One limitation of DPH local anesthetic is its duration of action, as it may be too short for longer procedures. Although the effectiveness of DPH for mandibular blocks was not evaluated on this patient, previous studies have shown efficacy in providing inferior alveolar nerve anesthesia15,17,20 However, the volume of DPH must be limited per visit to reduce postoperative swelling and drowsiness. The administration technique with the 10-mL Becton Dickinson syringe that we used on this patient does not allow for ideal aspiration techniques, as provided by a typical dental syringe/cartridge apparatus. An aspirating Becton Dickinson syringe is available for use, if desired (Figure 4).

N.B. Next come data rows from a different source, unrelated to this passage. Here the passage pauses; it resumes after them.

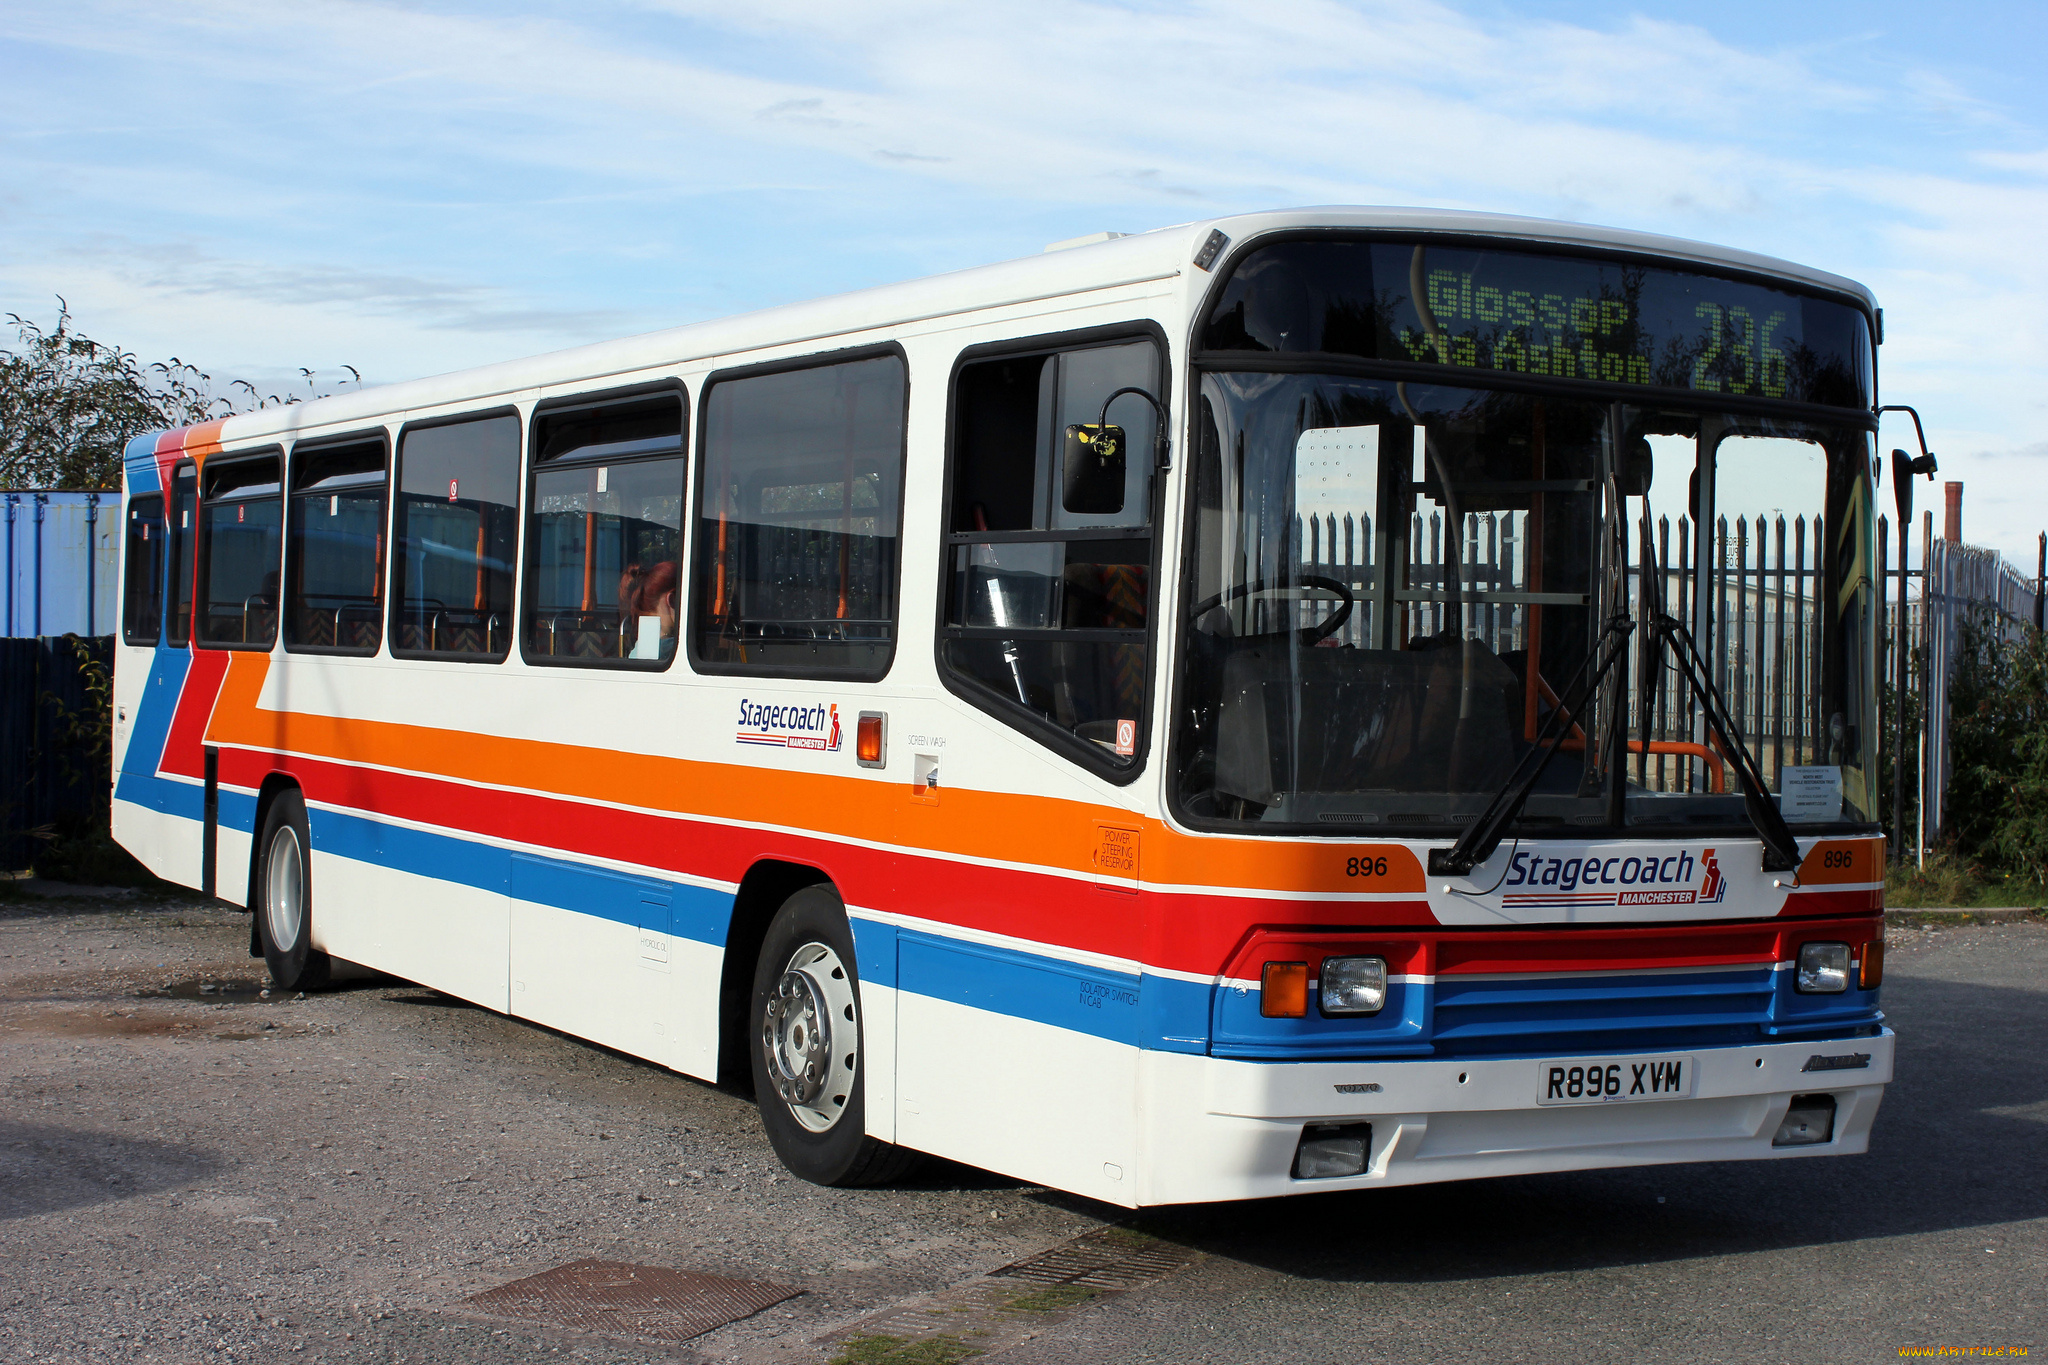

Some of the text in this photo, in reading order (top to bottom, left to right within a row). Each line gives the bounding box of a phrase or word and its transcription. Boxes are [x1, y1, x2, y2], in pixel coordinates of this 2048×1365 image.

[1494, 330, 1650, 385] Ashton
[1695, 302, 1786, 398] 236
[738, 699, 826, 732] Stagecoach
[788, 737, 826, 749] MANCHESTER
[907, 734, 947, 747] SCREEN WASH
[1105, 830, 1130, 844] POWER
[1102, 843, 1133, 858] STEERING
[1824, 850, 1853, 868] 896
[1100, 855, 1134, 871] RESERVOIR
[1346, 856, 1388, 877] 896
[1506, 850, 1694, 890] Stagecoach
[1621, 892, 1693, 904] MANCHESTER
[1080, 981, 1139, 1006] ISOLATOR SWITCH
[1087, 995, 1102, 1008] CAB
[1333, 1083, 1380, 1093] VOLVO
[1548, 1061, 1682, 1099] R896 XVM
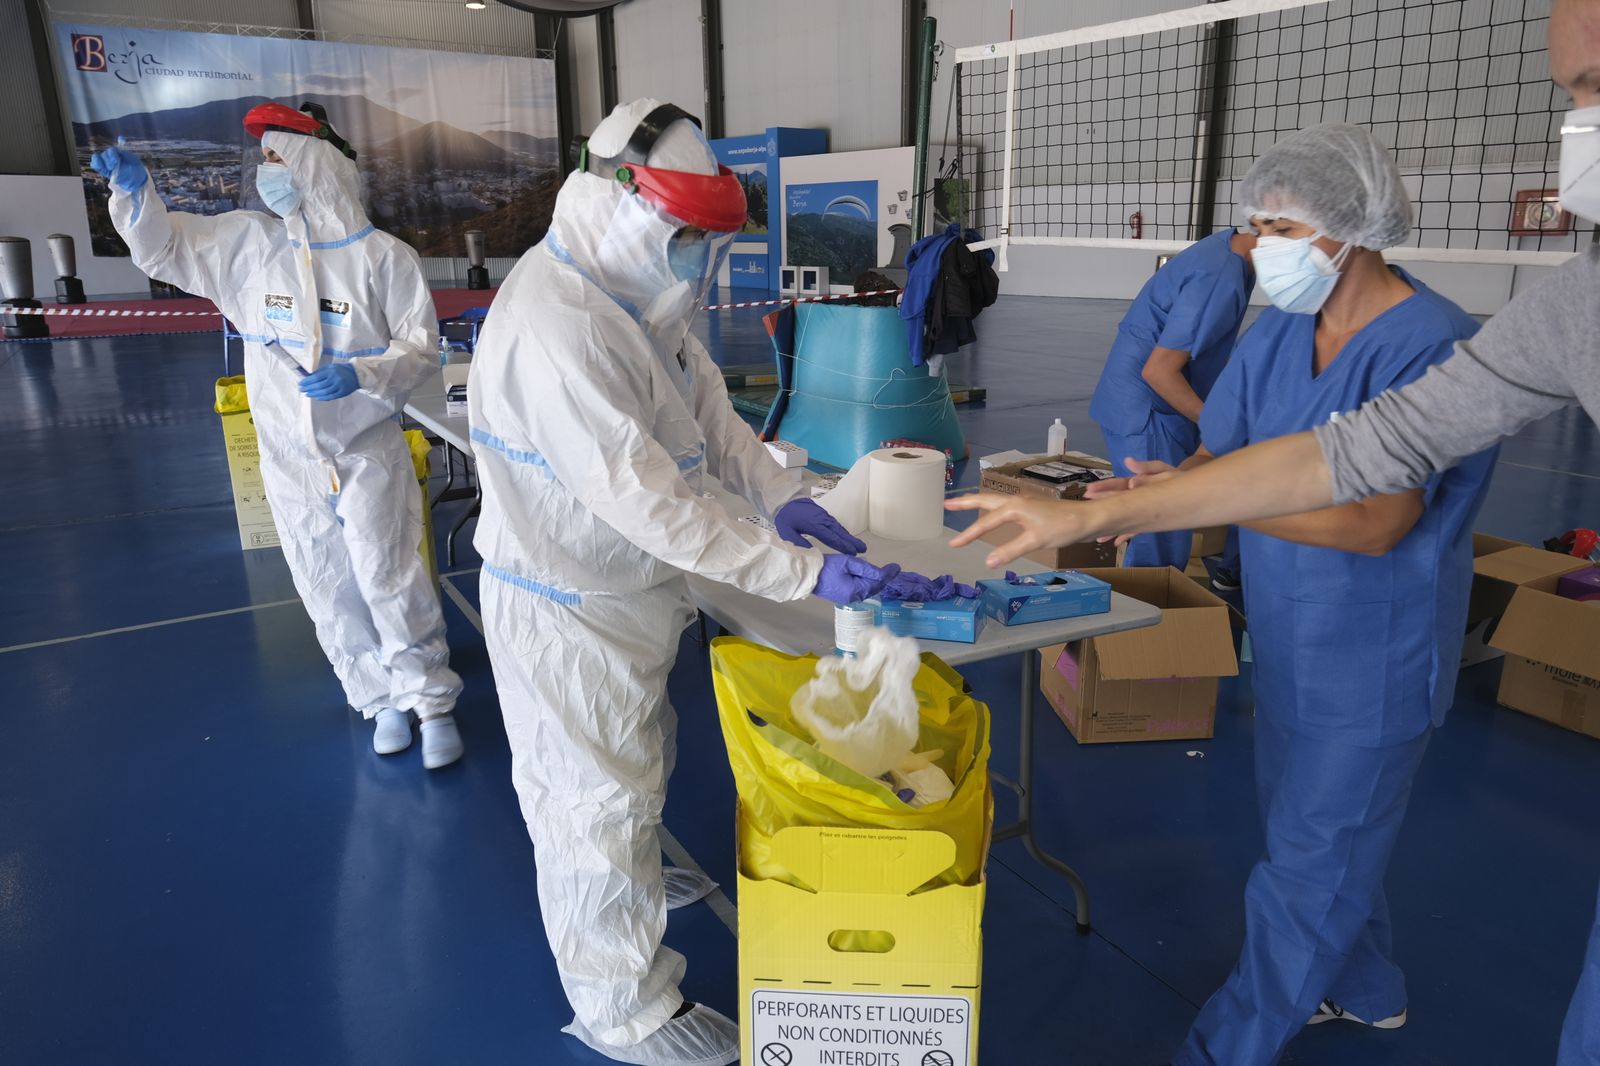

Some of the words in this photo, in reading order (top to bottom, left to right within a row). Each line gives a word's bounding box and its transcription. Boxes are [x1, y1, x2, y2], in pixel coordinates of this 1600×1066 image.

[757, 1000, 861, 1021] PERFORANTS
[866, 1006, 885, 1021] ET
[890, 1007, 964, 1024] LIQUIDES
[778, 1025, 814, 1041] NON
[819, 1027, 943, 1046] CONDITIONNÉS
[819, 1050, 900, 1066] INTERDITS
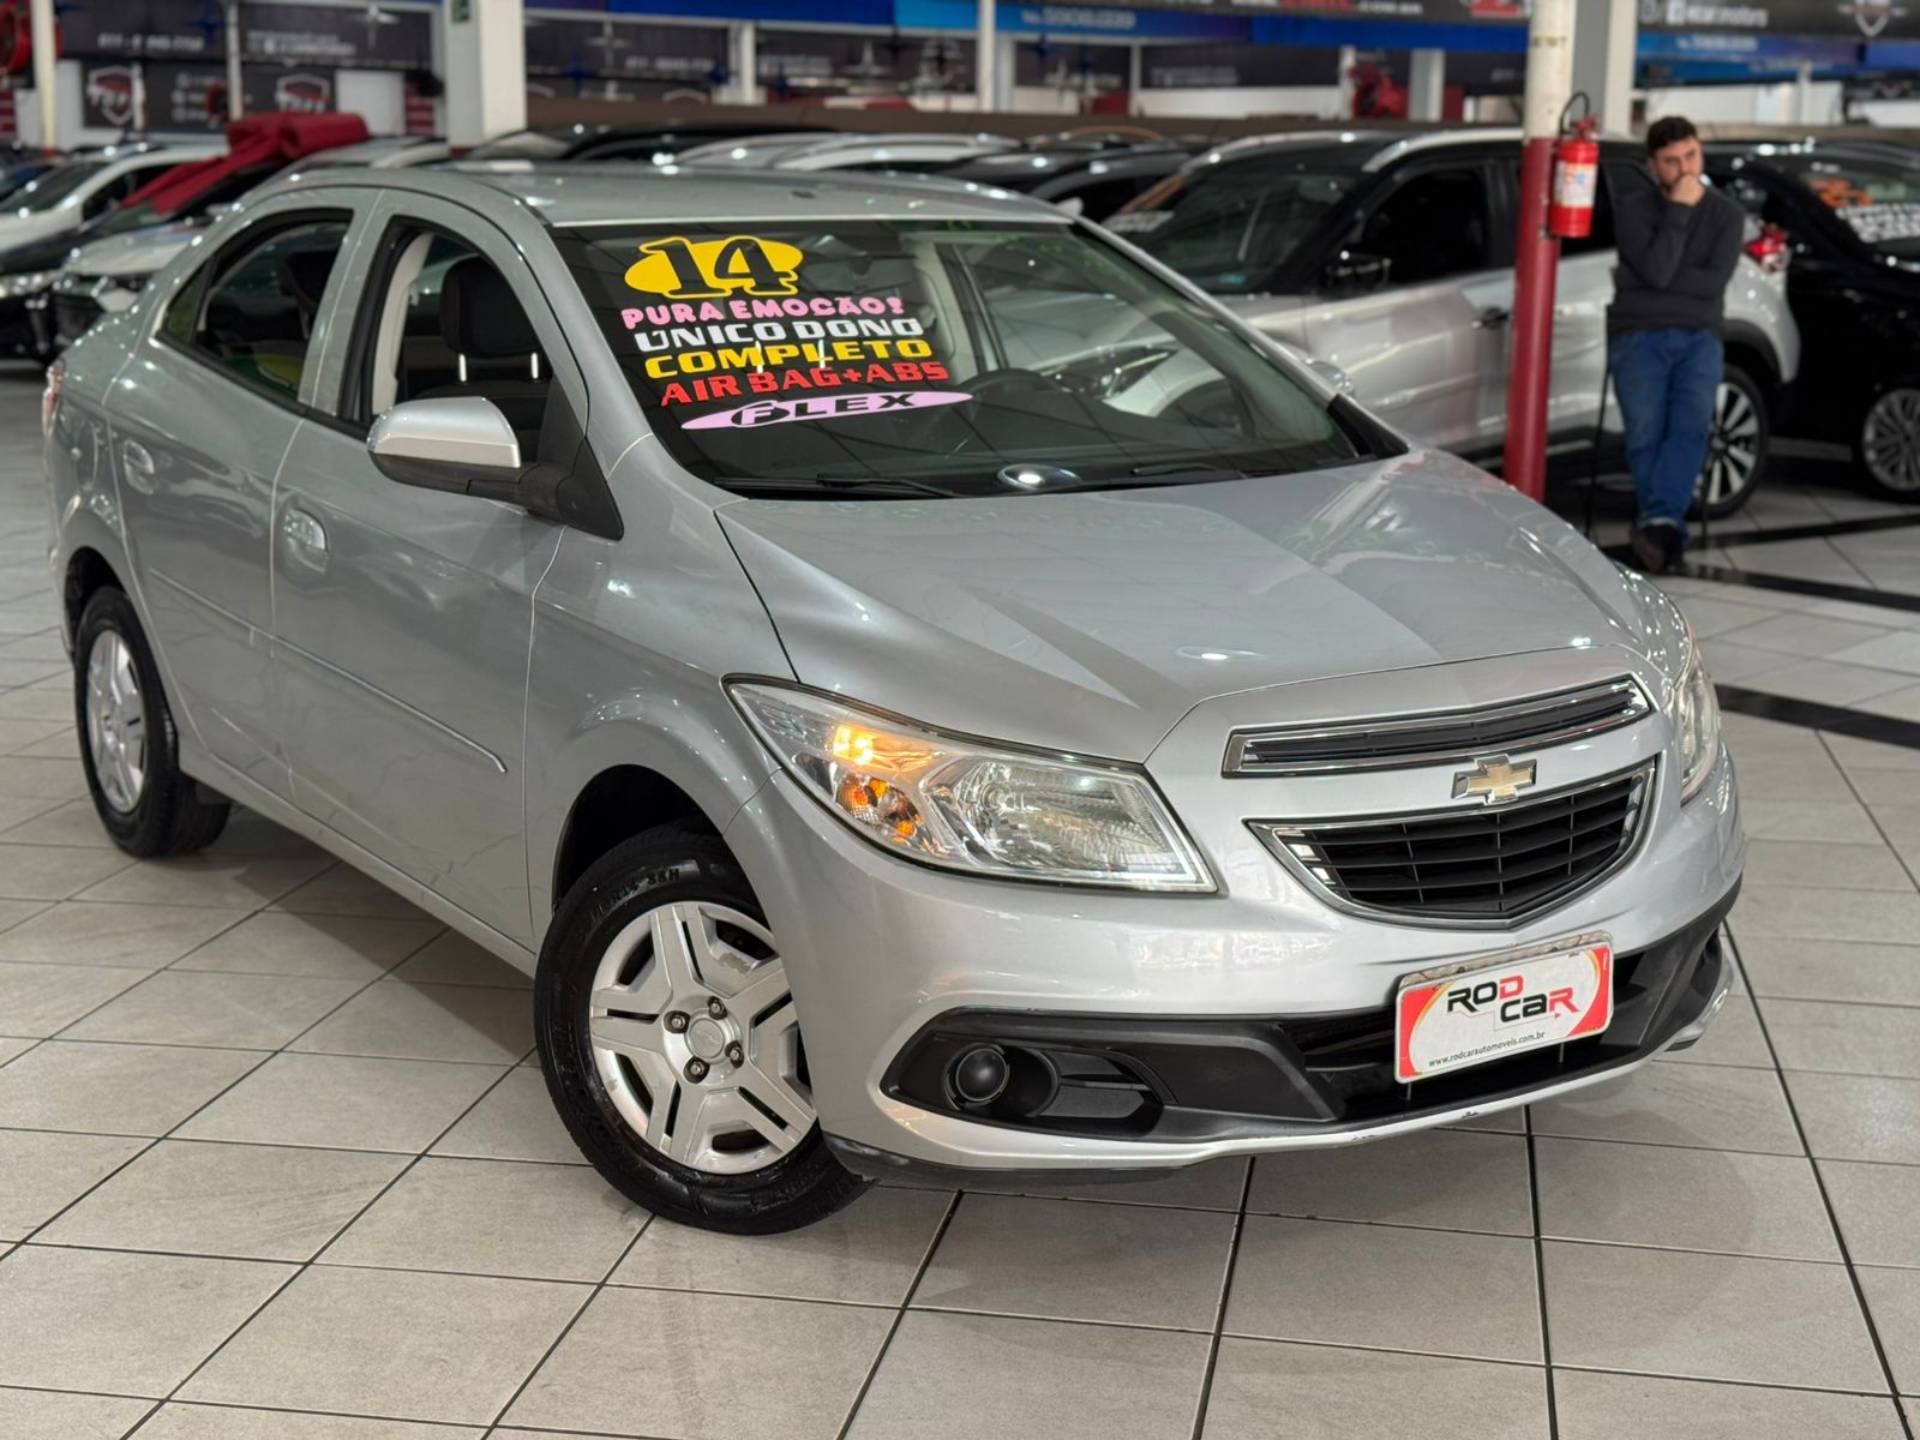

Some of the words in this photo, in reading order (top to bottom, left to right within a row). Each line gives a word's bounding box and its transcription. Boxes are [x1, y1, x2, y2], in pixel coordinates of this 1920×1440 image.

[643, 236, 797, 298] 14
[621, 300, 724, 329] PURA
[792, 317, 924, 341] DONO
[644, 339, 932, 379] COMPLETO
[660, 374, 742, 407] AIR
[749, 360, 949, 394] BAG+ABS
[740, 393, 915, 426] FLEX
[1447, 975, 1524, 1013] ROD
[1429, 1031, 1546, 1067] www.rodcarautomoveis.com.br
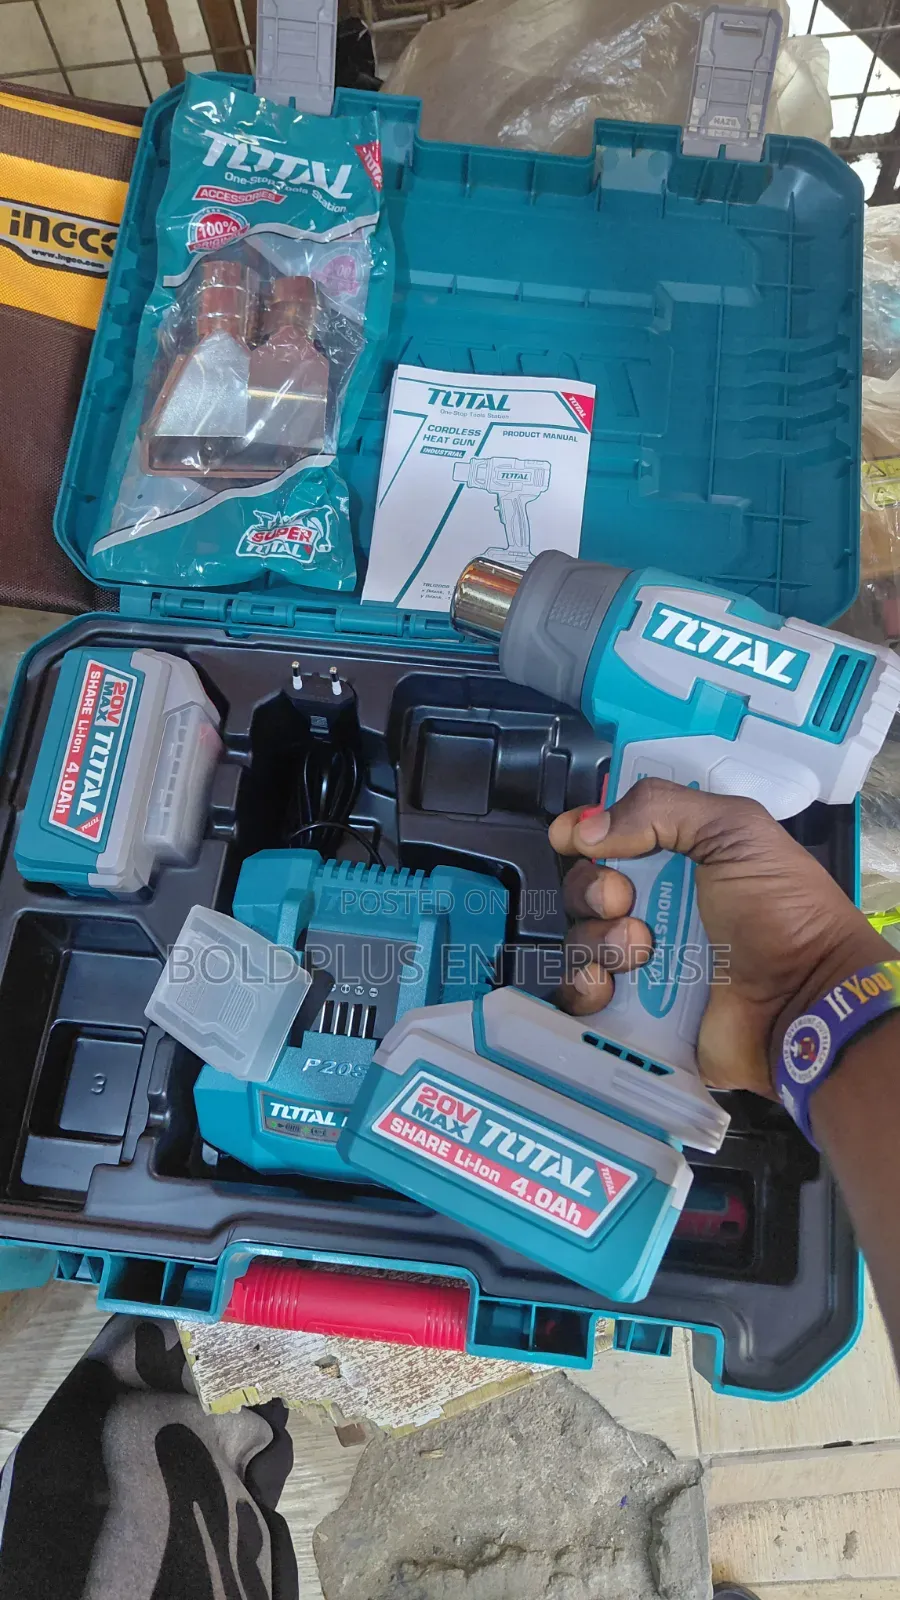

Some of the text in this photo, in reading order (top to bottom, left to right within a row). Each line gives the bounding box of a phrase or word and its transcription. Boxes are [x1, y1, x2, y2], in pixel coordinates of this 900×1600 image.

Future use of DPH as a local anesthetic should confirm adequate local anesthesia with pre– and post–local anesthetic electric pulp testing to help verify the efficacy of true pulpal anesthesia.
CONCLUSION
For patients with a documented amide local anesthesia allergy in whom ester local anesthesia is also contraindicated, DPH with epinephrine may be a safe and somewhat effective alternative for maxillary infiltration. Limiting injection volumes to less than 5 mL of 1% DPH with 1:100,000 epinephrine may limit facial swelling and drowsiness. We report a case of a 43-year-old female who had dental treatment completed with minimal intraoperative dental surgical pain following the use of 1% DPH with 1:100,000 epinephrine for maxillary infiltration. Because of the short duration of action of DPH with 1:100,000 epinephrine and risk of postoperative edema, it may be prudent for dentists to limit treatment to 1 tooth at each treatment session. For extensive and longer procedures, treatment may be more suitable under intravenous sedation or general anesthesia.